GIVEN RECORDS section start
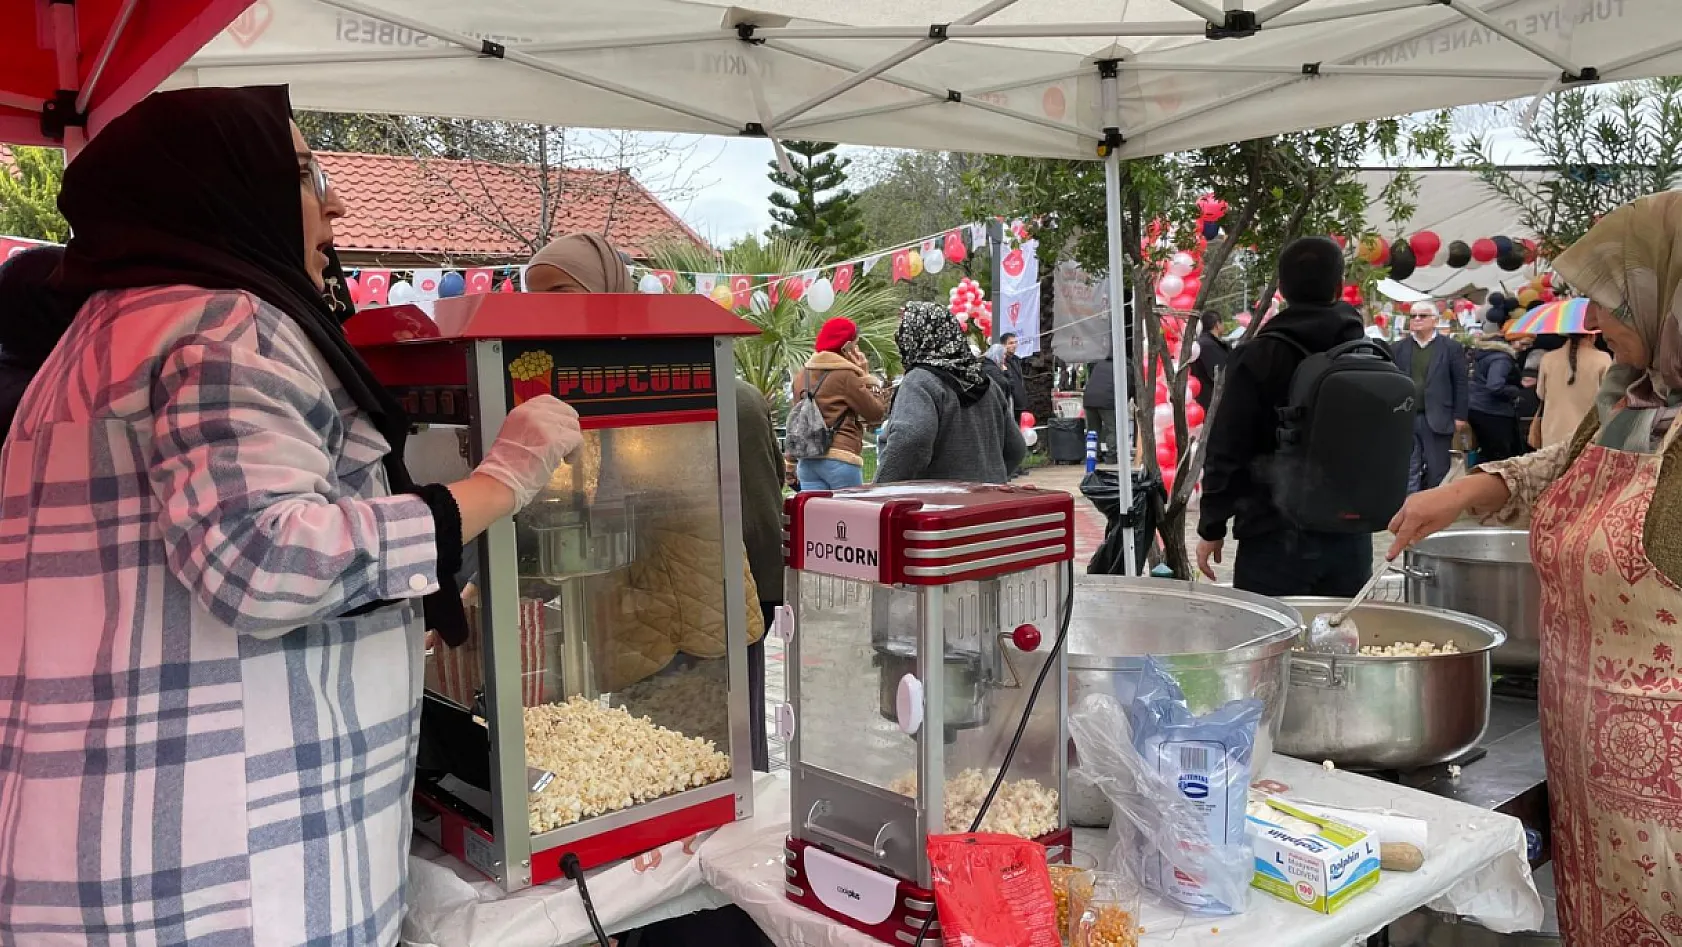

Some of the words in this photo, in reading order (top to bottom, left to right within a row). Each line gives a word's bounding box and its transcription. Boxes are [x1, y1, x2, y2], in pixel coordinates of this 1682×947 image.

[557, 362, 712, 395] POPCORN
[806, 540, 878, 567] POPCORN
[1275, 851, 1284, 864] L
[1329, 848, 1360, 876] Dolphin
[1365, 842, 1373, 855] L
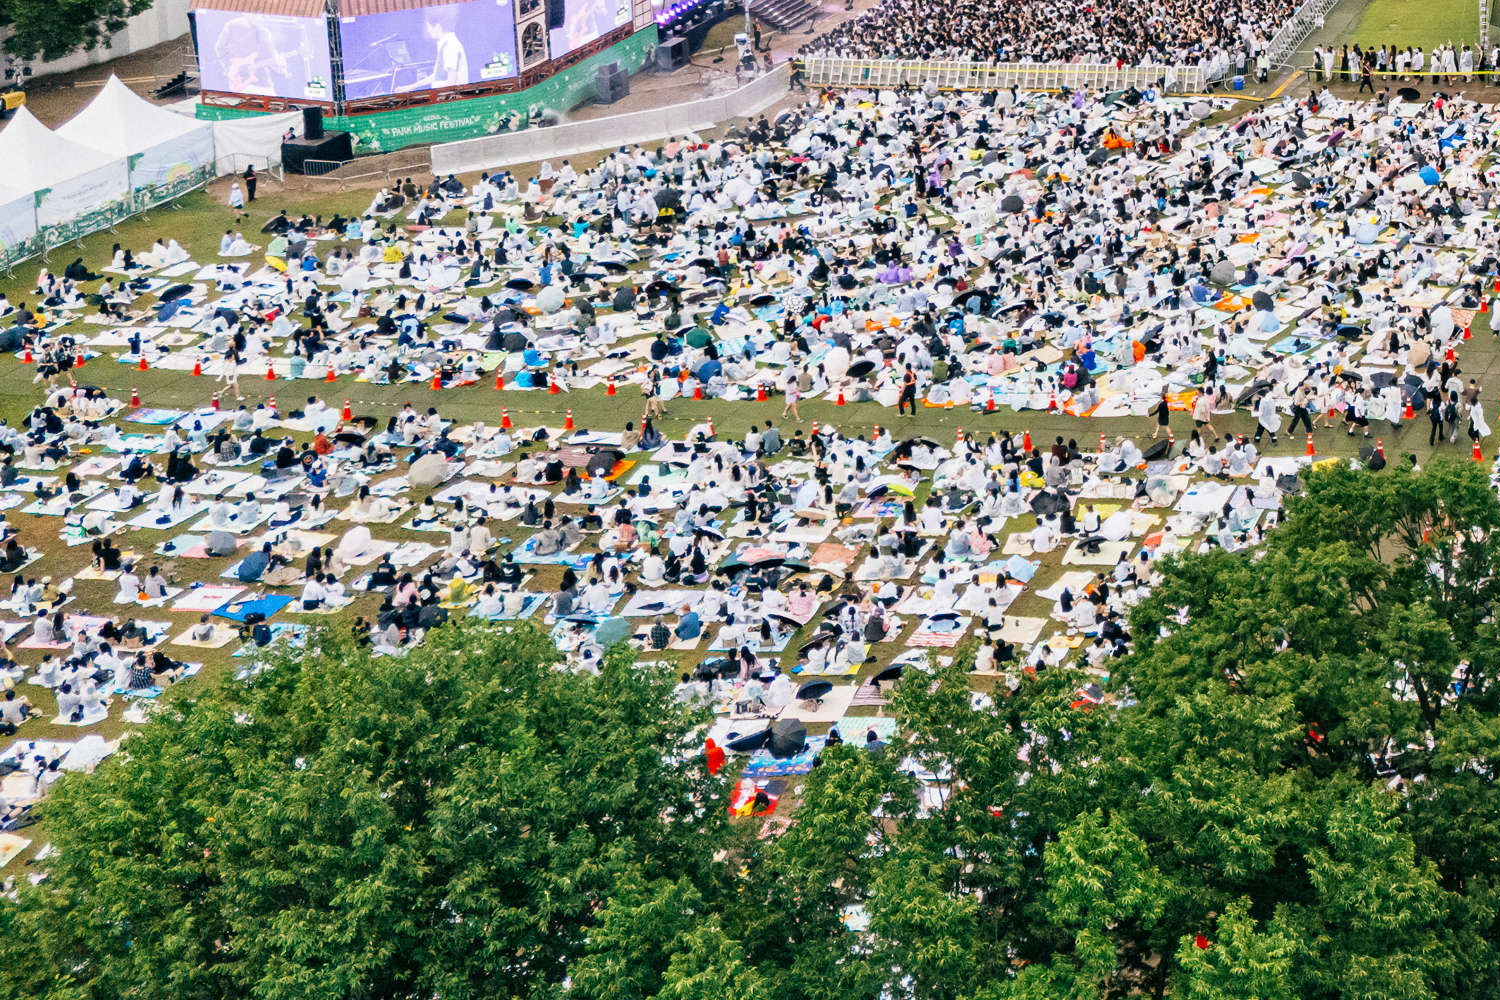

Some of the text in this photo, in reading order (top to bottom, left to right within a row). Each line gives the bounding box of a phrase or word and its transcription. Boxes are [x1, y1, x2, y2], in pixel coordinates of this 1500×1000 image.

[391, 116, 475, 137] PARK MUSIC FESTIVAL
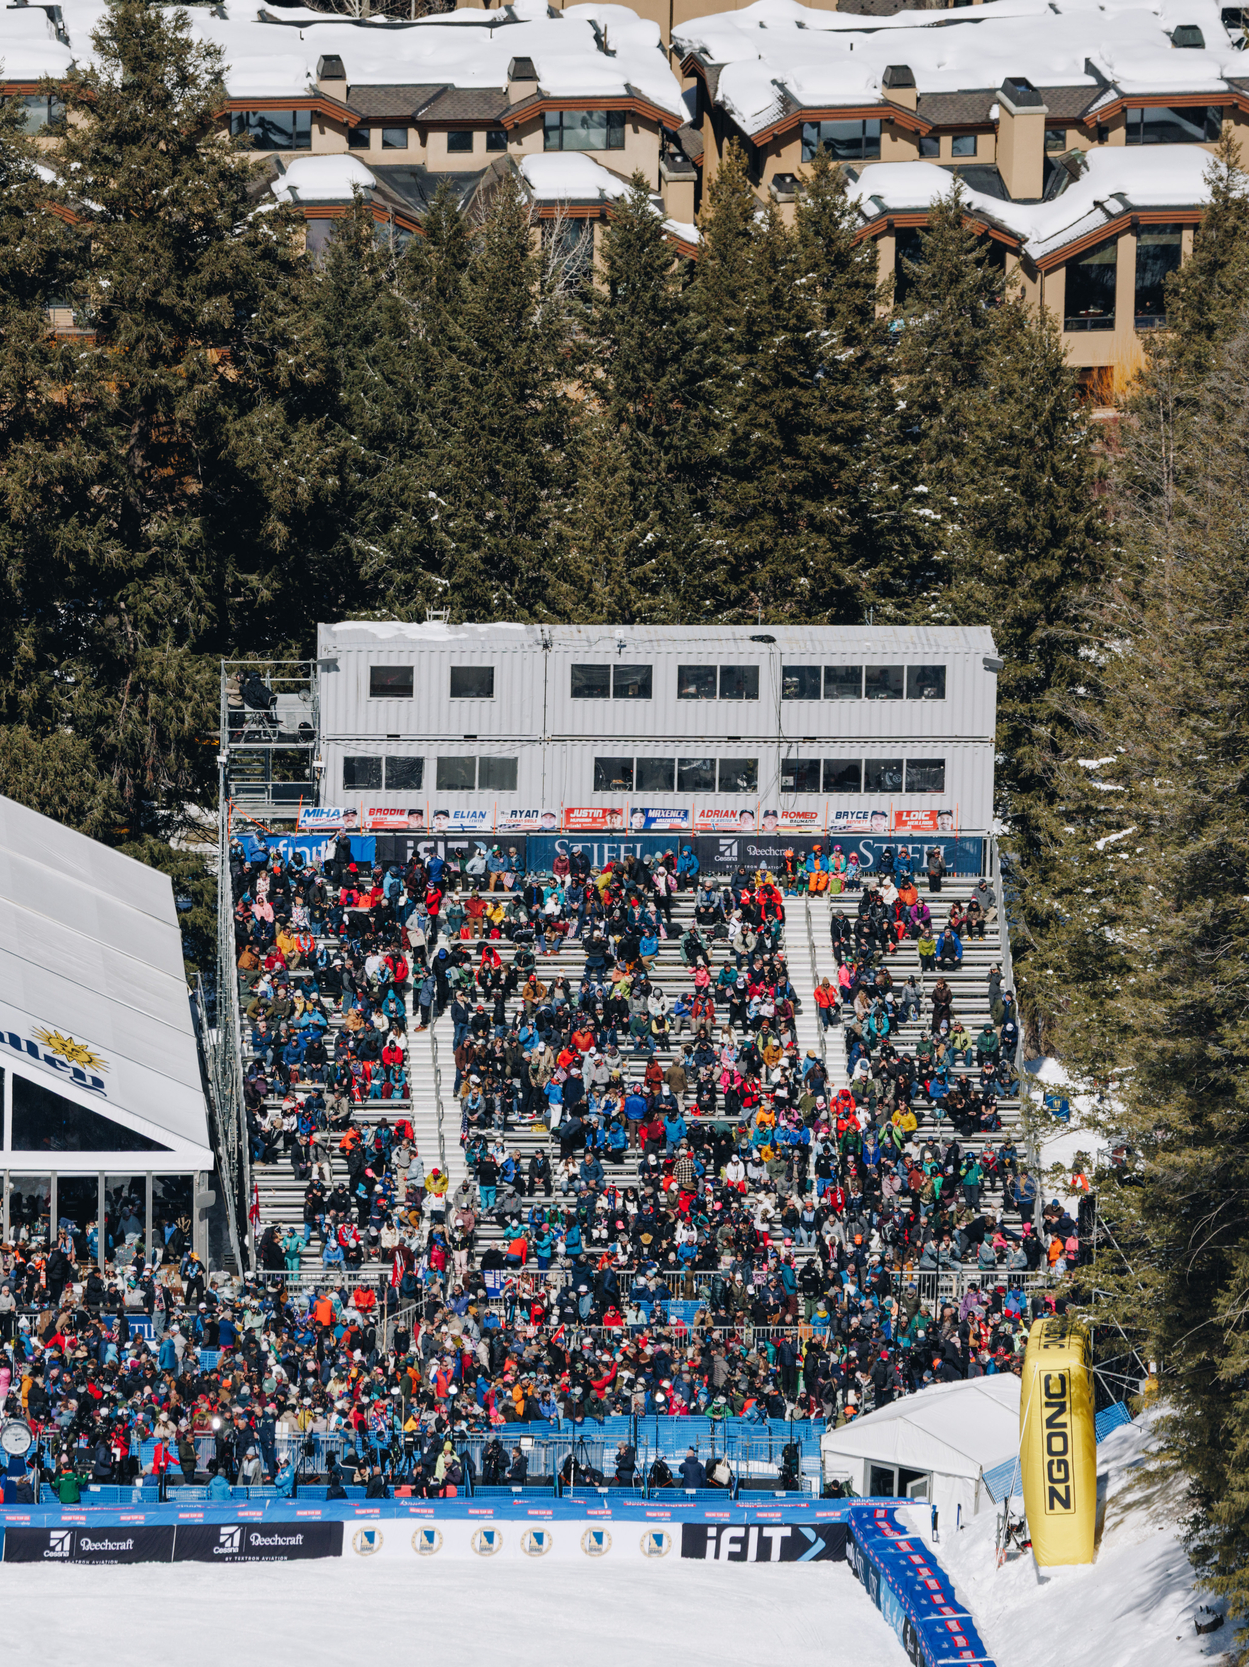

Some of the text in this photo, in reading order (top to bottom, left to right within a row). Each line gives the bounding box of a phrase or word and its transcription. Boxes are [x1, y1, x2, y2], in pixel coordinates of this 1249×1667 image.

[303, 809, 340, 817] MIHA
[368, 808, 406, 816] BRODIE
[453, 811, 487, 819] ELIAN
[510, 810, 539, 818] RYAN
[570, 809, 603, 817] JUSTIN
[648, 809, 685, 817] MAXENCE
[699, 810, 737, 818] ADRIAN
[781, 811, 818, 819] ROMED
[835, 811, 869, 819] BRYCE
[859, 839, 953, 868] STFEL
[1044, 1373, 1072, 1511] ZGONC
[250, 1532, 304, 1545] Beechcraft
[80, 1538, 134, 1550] Beechcraft
[705, 1527, 792, 1562] iFIT
[213, 1546, 239, 1554] Cessna
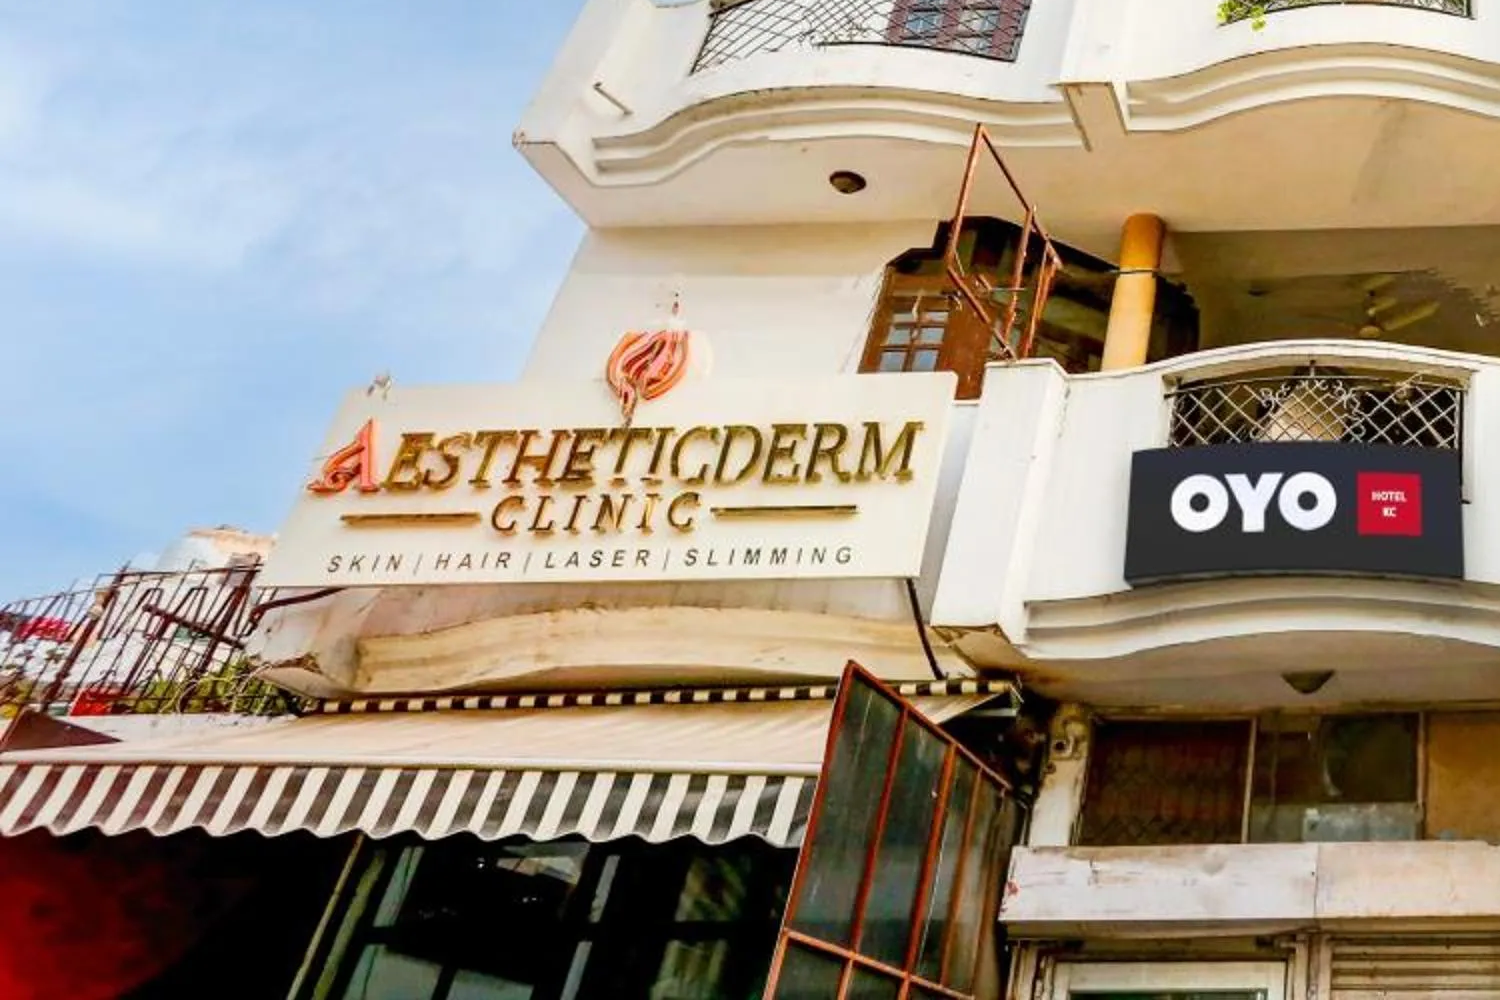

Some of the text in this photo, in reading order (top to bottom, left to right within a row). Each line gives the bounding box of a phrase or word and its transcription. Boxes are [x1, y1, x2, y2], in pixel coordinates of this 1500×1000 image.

[307, 417, 925, 492] AESTHETICDERM
[490, 492, 702, 538] CLINIC
[1170, 471, 1337, 532] OYO
[1371, 490, 1407, 503] HOTEL
[327, 546, 853, 574] SKIN HAIR LASER SLIMMING
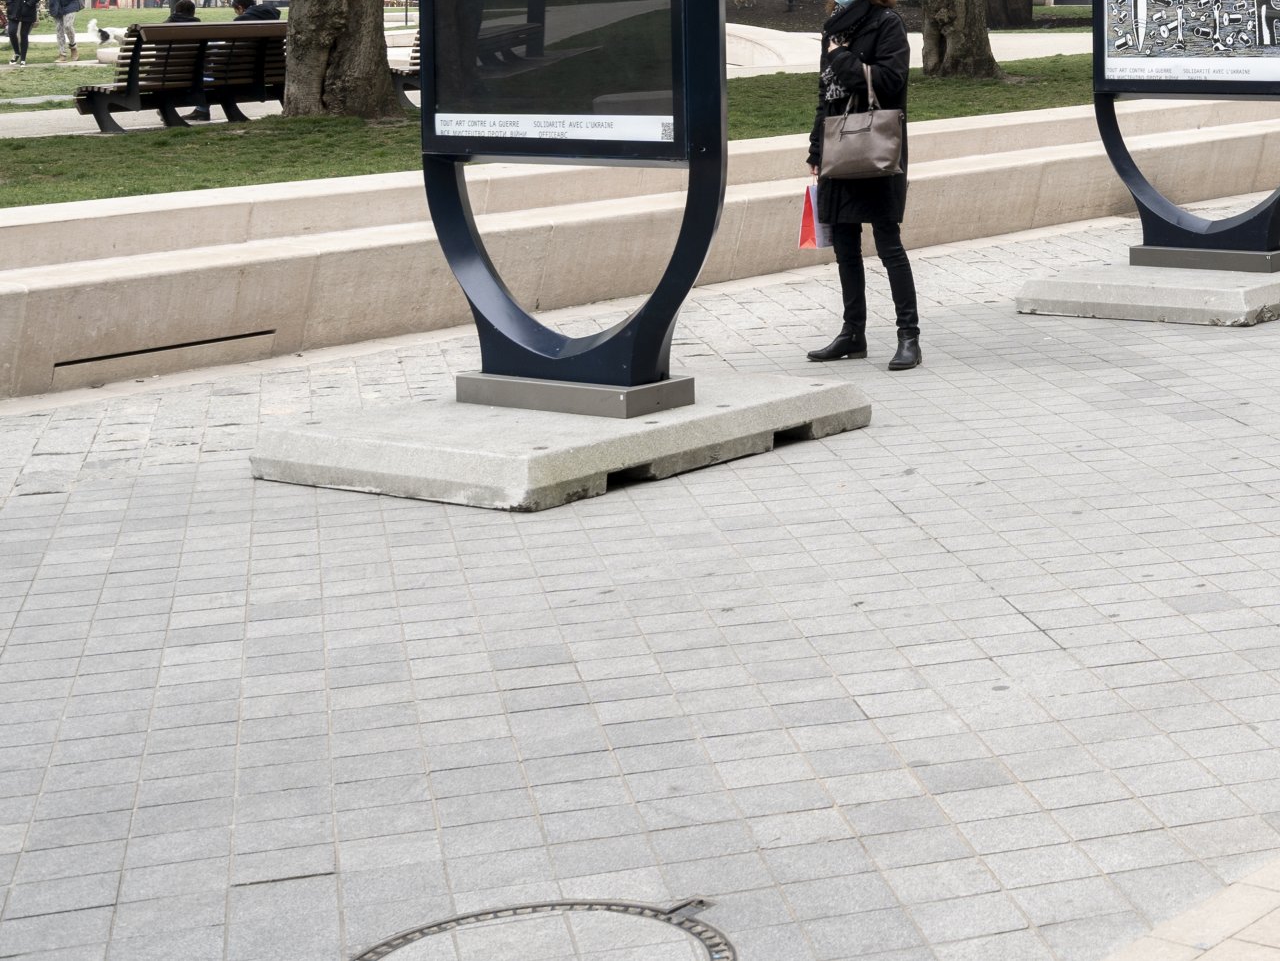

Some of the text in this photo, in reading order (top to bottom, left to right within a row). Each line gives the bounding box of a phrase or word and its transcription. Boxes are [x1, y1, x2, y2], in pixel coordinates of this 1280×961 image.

[440, 119, 614, 130] TOUT ART CONTRE LA GUERRE SOLIDARITÉ AVEC L'UKRAINE
GIVEN RECORDS section end
Text only, pictures out: give every record again as written.

Some of the words in this photo, in reading order (top to bottom, left to right within a row). Each line gives a word's bounding box and its transcription. Boxes are [x1, y1, x2, y2], in pixel coordinates of this 1682×947 image.

[557, 362, 712, 395] POPCORN
[806, 540, 878, 567] POPCORN
[1275, 851, 1284, 864] L
[1329, 848, 1360, 876] Dolphin
[1365, 842, 1373, 855] L

Some of the text in this photo, in reading order (top to bottom, left to right within a row). Each line gives the bounding box of a phrase or word and its transcription. Boxes are [x1, y1, x2, y2], in pixel coordinates of this 1500×1000 image.

[391, 116, 475, 137] PARK MUSIC FESTIVAL

Some of the text in this photo, in reading order (top to bottom, left to right within a row). Each line gives the bounding box of a phrase or word and its transcription. Boxes are [x1, y1, x2, y2], in pixel coordinates of this 1249×1667 image.

[303, 809, 340, 817] MIHA
[368, 808, 406, 816] BRODIE
[453, 811, 487, 819] ELIAN
[510, 810, 539, 818] RYAN
[570, 809, 603, 817] JUSTIN
[648, 809, 685, 817] MAXENCE
[699, 810, 737, 818] ADRIAN
[781, 811, 818, 819] ROMED
[835, 811, 869, 819] BRYCE
[859, 839, 953, 868] STFEL
[1044, 1373, 1072, 1511] ZGONC
[250, 1532, 304, 1545] Beechcraft
[80, 1538, 134, 1550] Beechcraft
[705, 1527, 792, 1562] iFIT
[213, 1546, 239, 1554] Cessna

Some of the text in this photo, in reading order (top to bottom, left to right within a row). Each line gives the bounding box of a phrase or word and its transcription. Boxes are [x1, y1, x2, y2], in pixel coordinates of this 1500×1000 image.

[307, 417, 925, 492] AESTHETICDERM
[490, 492, 702, 538] CLINIC
[1170, 471, 1337, 532] OYO
[1371, 490, 1407, 503] HOTEL
[327, 546, 853, 574] SKIN HAIR LASER SLIMMING

Some of the text in this photo, in reading order (top to bottom, left to right within a row). Each line gives the bounding box of a phrase or word and its transcription. Boxes are [x1, y1, x2, y2], in pixel coordinates of this 1280×961 image.

[440, 119, 614, 130] TOUT ART CONTRE LA GUERRE SOLIDARITÉ AVEC L'UKRAINE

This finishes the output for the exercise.